_What the exercise asks_
Give the entries back exactly as they stand, but without pictures.

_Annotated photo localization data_
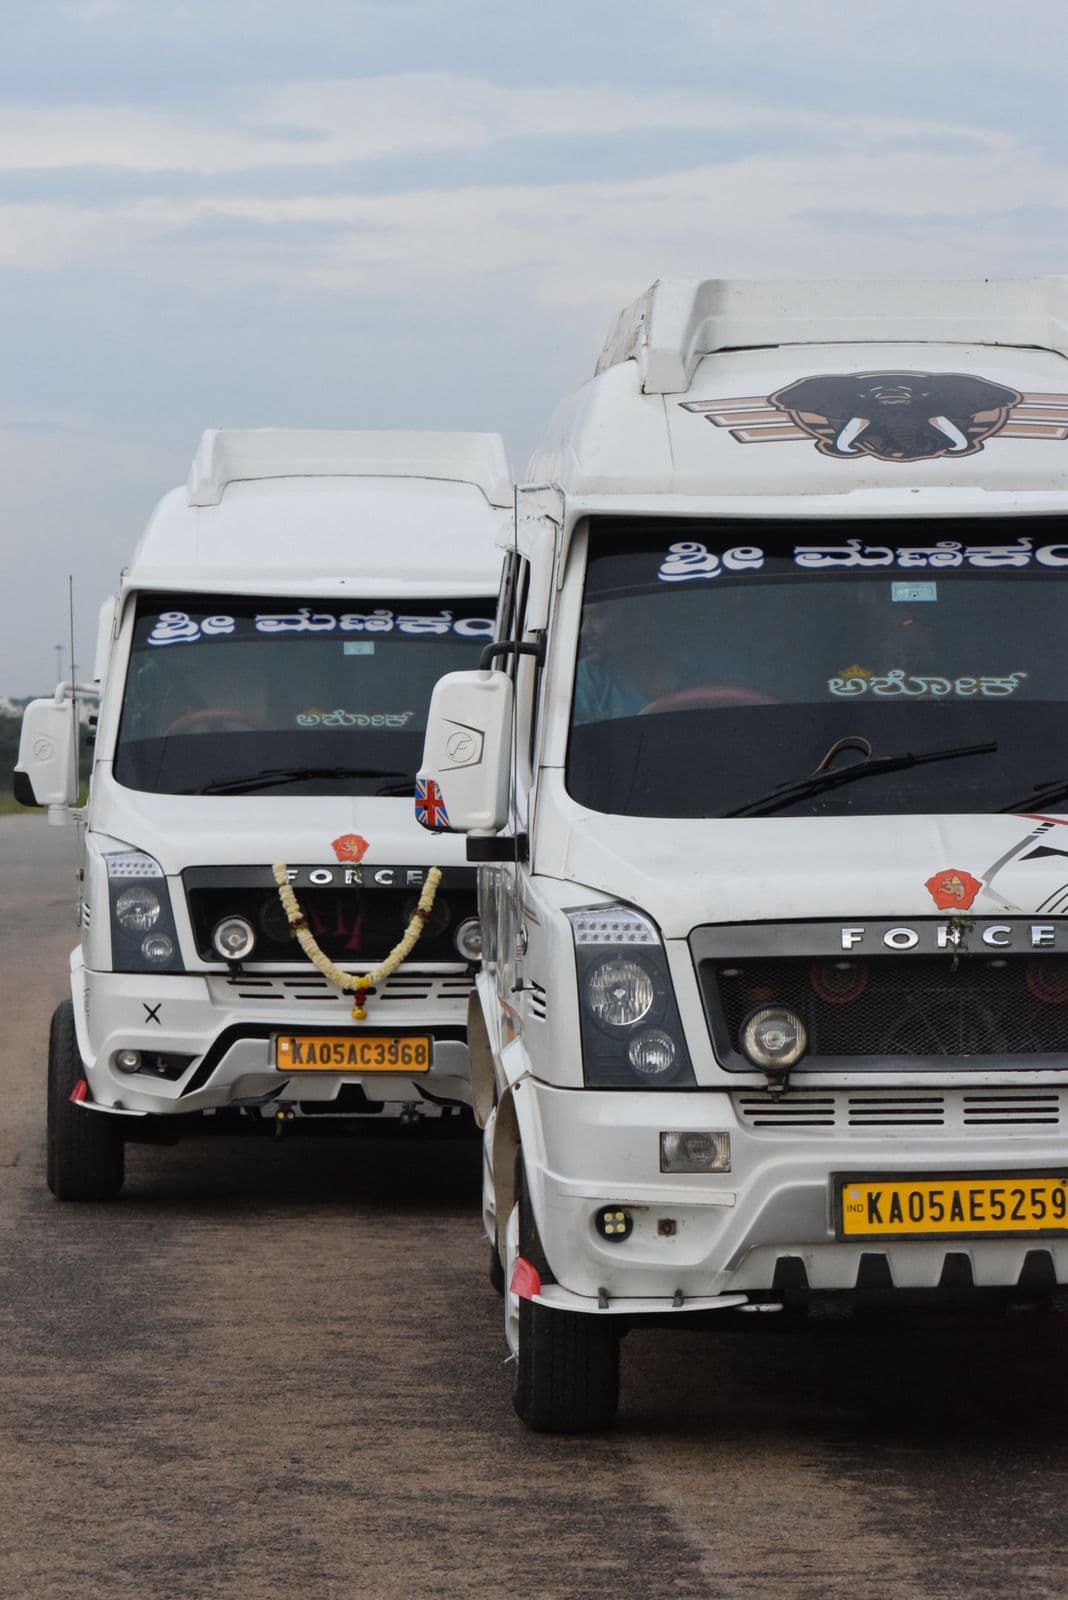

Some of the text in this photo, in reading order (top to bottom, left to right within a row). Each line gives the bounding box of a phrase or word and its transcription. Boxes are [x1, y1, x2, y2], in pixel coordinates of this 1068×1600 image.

[657, 541, 765, 582] ಶ್ರೀ
[147, 611, 236, 646] ಶ್ರೀ
[827, 669, 1028, 697] ಅಶೋಕ್
[296, 708, 414, 727] ಅಶೋಕ್
[286, 869, 424, 885] FORCE
[841, 925, 1055, 950] FORCE
[291, 1042, 427, 1065] KA05AC3968
[846, 1187, 1067, 1225] IND KA05AE5259

_Task output_
Some of the text in this photo, in reading order (top to bottom, left to right within a row). Each line gives the bounding box of a phrase or word and its transcription. Boxes are [x1, y1, x2, y2], in pixel coordinates of this 1068×1600 image.

[657, 541, 765, 582] ಶ್ರೀ
[147, 611, 236, 646] ಶ್ರೀ
[827, 669, 1028, 697] ಅಶೋಕ್
[296, 708, 414, 727] ಅಶೋಕ್
[286, 869, 424, 885] FORCE
[841, 925, 1055, 950] FORCE
[291, 1042, 427, 1065] KA05AC3968
[846, 1187, 1067, 1225] IND KA05AE5259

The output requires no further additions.